Have a look a blog posts by Jerry Coyne (Robert Wright blames creationism on atheists) and PZ (My vast powers transcend space and time!) ridiculing this little “hypothesis of Wright’s. I will just take this issue a little further to cover a similar myth – that these horrible “new atheists” (gnus), and Richard Dawkins in particular, are responsible for the lack of support and respect for science in the US. I mentioned this myth in my review of Ecklund’s book  Science vs. Religion: What Scientists Really Think  (see Are scientists hostile to religion?)

Ecklund had referred to statistics on public attitudes towards science to support her mythical thesis that prominent scientists were causing people to turn away from science because they criticised relgion! But again, the statistics just didn’t support her claim. The plot below shows there has been no effect of  “new atheists”  activity (starting in 2004/2006) on the attitude of the public toward scientists.

%age of US public considering professions of “very great prestige.”

In fact, the data shows that there had been a downturn in respect for religious professions after 2001. Was that due to the “new atheists?” Are PZ’s blog (2002) or Sam Harris’s first book (2004) responsible for the dip in 2002 – 2004?

Or is this just a sign that the public was turning away from religion because of its involvement in the New York terror attacks of 2001? Or maybe a comment made by many people may just be  relevant. We had just got fed up with the hypocritical morality (think of all the choir boys) and interference of religionists? Perhaps even reacting to the religious interference in the teaching of science – even the practice of science?

Oh well, you can make you own interpretation of the statistics to fit your own prejudices.

Robert Wright does raise an issue which corresponds to one blip in the first graph. He says:

” Over the past two years, the portion of respondents who don’t believe in evolution has grown by six percentage points. Where did those people come from? The graph suggests they’re people who had previously believed in an evolution guided by God–a group whose size dropped by a corresponding six percentage points.
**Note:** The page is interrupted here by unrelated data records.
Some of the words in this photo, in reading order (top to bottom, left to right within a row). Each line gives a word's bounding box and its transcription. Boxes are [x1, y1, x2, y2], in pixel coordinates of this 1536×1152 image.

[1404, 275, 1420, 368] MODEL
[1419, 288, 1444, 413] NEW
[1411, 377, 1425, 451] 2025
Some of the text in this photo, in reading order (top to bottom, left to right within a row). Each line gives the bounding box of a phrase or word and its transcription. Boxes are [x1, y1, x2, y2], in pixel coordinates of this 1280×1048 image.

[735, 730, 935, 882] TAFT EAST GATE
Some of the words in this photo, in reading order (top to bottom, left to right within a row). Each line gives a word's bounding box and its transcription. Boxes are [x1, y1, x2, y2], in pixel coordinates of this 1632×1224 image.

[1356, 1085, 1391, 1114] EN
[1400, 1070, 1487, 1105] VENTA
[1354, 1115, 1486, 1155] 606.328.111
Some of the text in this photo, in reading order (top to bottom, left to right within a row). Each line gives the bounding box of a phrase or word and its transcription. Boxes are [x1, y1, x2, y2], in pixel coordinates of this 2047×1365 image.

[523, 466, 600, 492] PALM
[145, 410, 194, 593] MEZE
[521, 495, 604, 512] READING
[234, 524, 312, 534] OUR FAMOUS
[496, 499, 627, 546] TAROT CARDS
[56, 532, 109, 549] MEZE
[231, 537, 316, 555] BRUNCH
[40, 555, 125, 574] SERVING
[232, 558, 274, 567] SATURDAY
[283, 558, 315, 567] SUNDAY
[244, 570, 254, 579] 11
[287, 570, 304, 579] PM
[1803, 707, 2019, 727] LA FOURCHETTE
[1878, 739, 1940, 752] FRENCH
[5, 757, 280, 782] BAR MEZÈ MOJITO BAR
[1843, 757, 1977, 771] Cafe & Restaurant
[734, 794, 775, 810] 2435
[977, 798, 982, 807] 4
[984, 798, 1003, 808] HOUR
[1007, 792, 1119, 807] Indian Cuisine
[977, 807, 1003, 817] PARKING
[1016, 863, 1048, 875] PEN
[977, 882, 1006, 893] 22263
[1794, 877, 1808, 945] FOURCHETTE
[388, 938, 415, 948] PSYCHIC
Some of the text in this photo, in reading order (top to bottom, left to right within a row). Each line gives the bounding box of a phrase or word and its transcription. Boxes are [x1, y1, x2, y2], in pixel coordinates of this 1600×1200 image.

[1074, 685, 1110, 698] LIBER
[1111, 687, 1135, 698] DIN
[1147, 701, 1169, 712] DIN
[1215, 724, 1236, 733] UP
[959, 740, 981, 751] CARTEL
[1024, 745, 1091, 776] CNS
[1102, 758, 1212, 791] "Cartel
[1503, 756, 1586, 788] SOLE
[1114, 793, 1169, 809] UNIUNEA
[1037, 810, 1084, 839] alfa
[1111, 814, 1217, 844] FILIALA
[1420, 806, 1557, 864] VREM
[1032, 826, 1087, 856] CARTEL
It’s as if people who had previously seen evolution and religion as compatible were told by the new militant Darwinians, “No, you must choose: Which is it, evolution or religion?”–and pretty much all of them chose religion. “

But perhaps ID is to blame?

Again, I say, Wright’s propensity for Dawkins’ bashing is confusing him. He can’t see the alternative explanations of that blip (if it is even real). What about the effect of propaganda by the intelligent design (ID) protagonists, who are very hostile to theistic evolution (usually mean god as the guider). You just have to watch bits of the videos of the ID  conference on theistic evolution held at Biola University in October 2010 (see Videos from an ID conference at Biola University,  Biola God and evolution conference now on YouTube and Seven videos from the Biola University conference on God and evolution).

They hate theistic evolution and really dug the knife into Francis Collins. They make it clear that they won’t tolerate any bit of this ideas that you can accept evolution and still believe in a god. They will just not compromise. (Although even then, dear old Casey Luskin manages to really transfer the blame to the gnus because he claims theistic evolution cannot stop the war of the gnus on god – he’s a funny guy.)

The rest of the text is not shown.